# Supplied material:
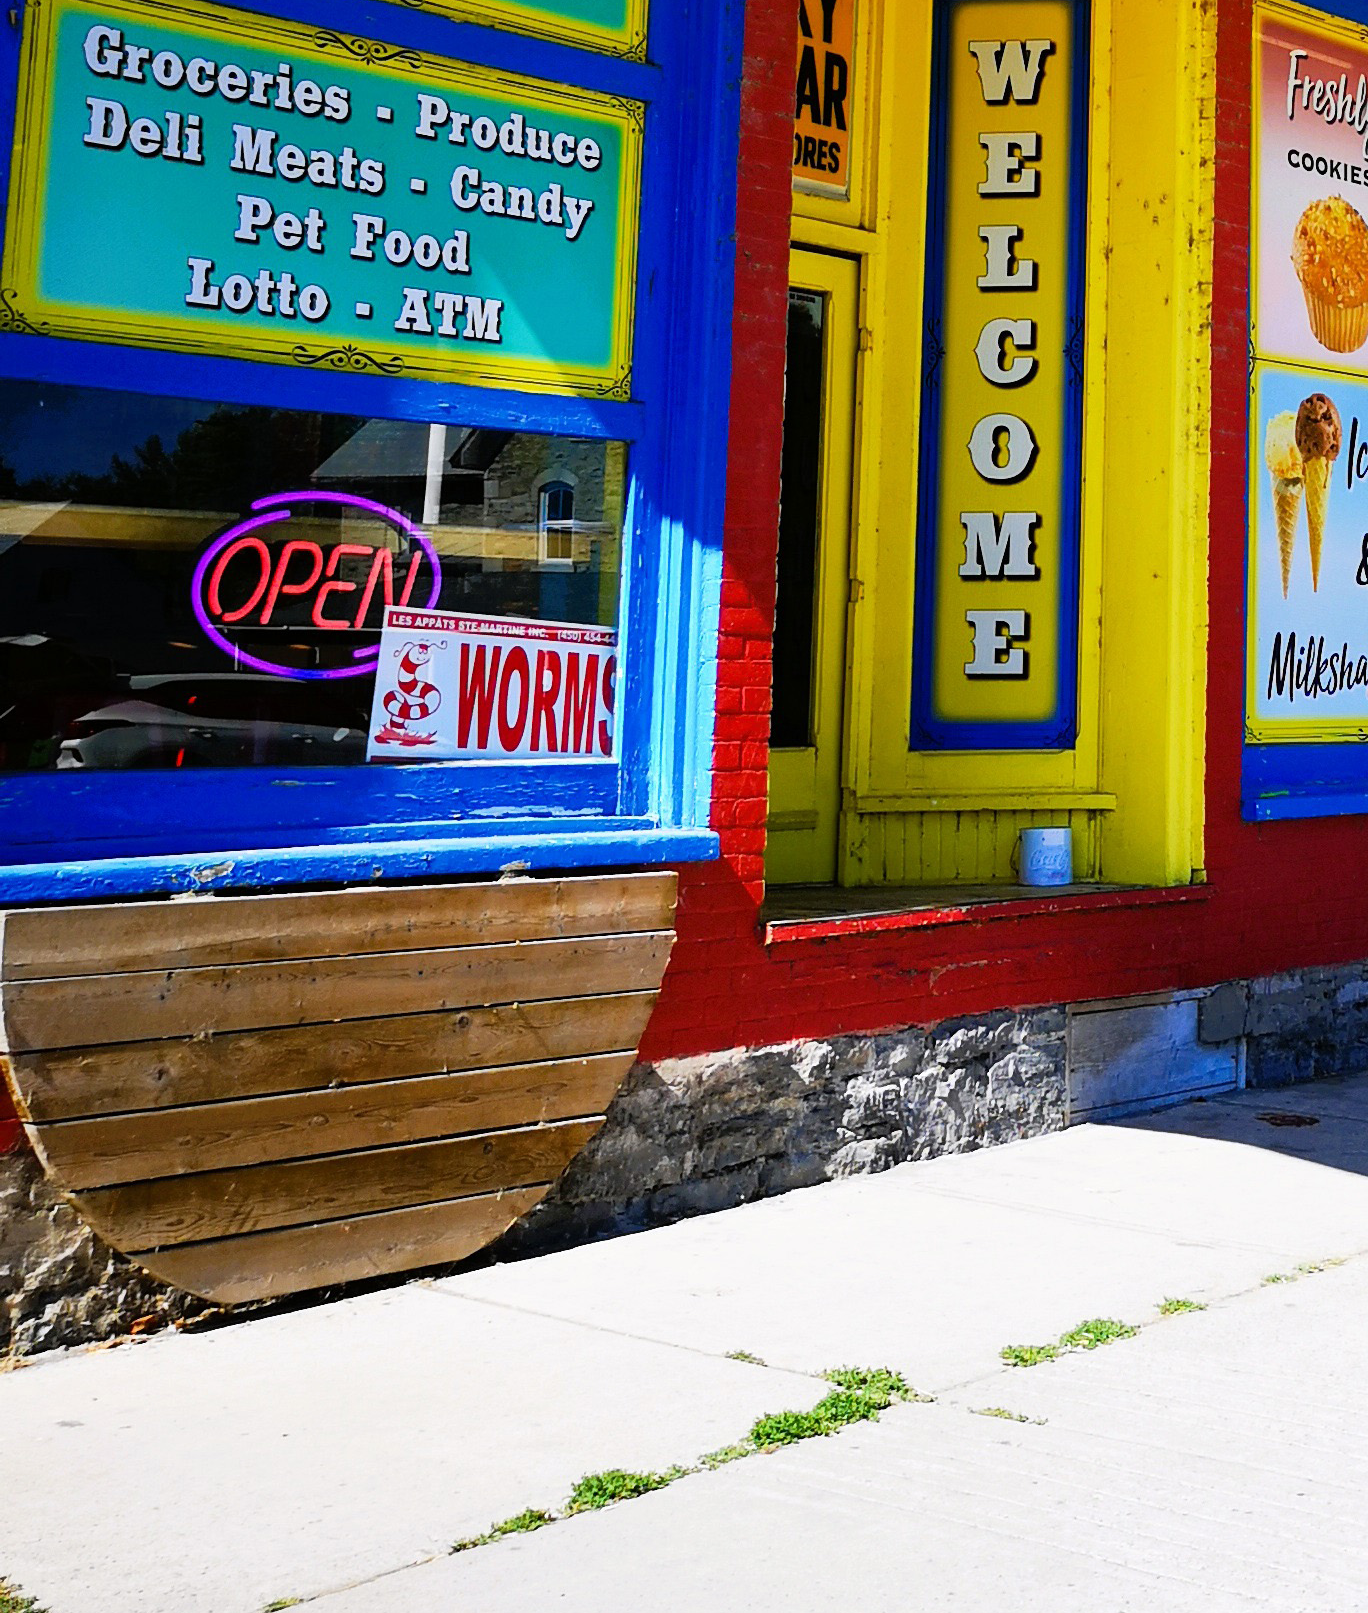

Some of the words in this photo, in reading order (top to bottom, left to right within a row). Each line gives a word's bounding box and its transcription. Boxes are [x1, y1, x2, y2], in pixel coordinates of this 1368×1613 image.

[83, 25, 351, 123] Groceries
[415, 94, 602, 171] Produce
[83, 97, 204, 164] Deli
[231, 125, 385, 195] Meats
[450, 166, 594, 241] Candy
[234, 193, 325, 253] Pet
[350, 213, 471, 275] Food
[186, 258, 330, 322] Lotto
[394, 289, 503, 344] ATM
[957, 38, 1056, 683] WELCOME
[209, 537, 422, 628] OPEN
[391, 614, 413, 627] LES
[456, 642, 618, 759] WORMS

# Required action:
Word for word, write out the whole listing, keeping none of the pictures.

# Expected output:
Some of the words in this photo, in reading order (top to bottom, left to right within a row). Each line gives a word's bounding box and its transcription. Boxes are [x1, y1, x2, y2], in pixel coordinates of this 1368×1613 image.

[83, 25, 351, 123] Groceries
[415, 94, 602, 171] Produce
[83, 97, 204, 164] Deli
[231, 125, 385, 195] Meats
[450, 166, 594, 241] Candy
[234, 193, 325, 253] Pet
[350, 213, 471, 275] Food
[186, 258, 330, 322] Lotto
[394, 289, 503, 344] ATM
[957, 38, 1056, 683] WELCOME
[209, 537, 422, 628] OPEN
[391, 614, 413, 627] LES
[456, 642, 618, 759] WORMS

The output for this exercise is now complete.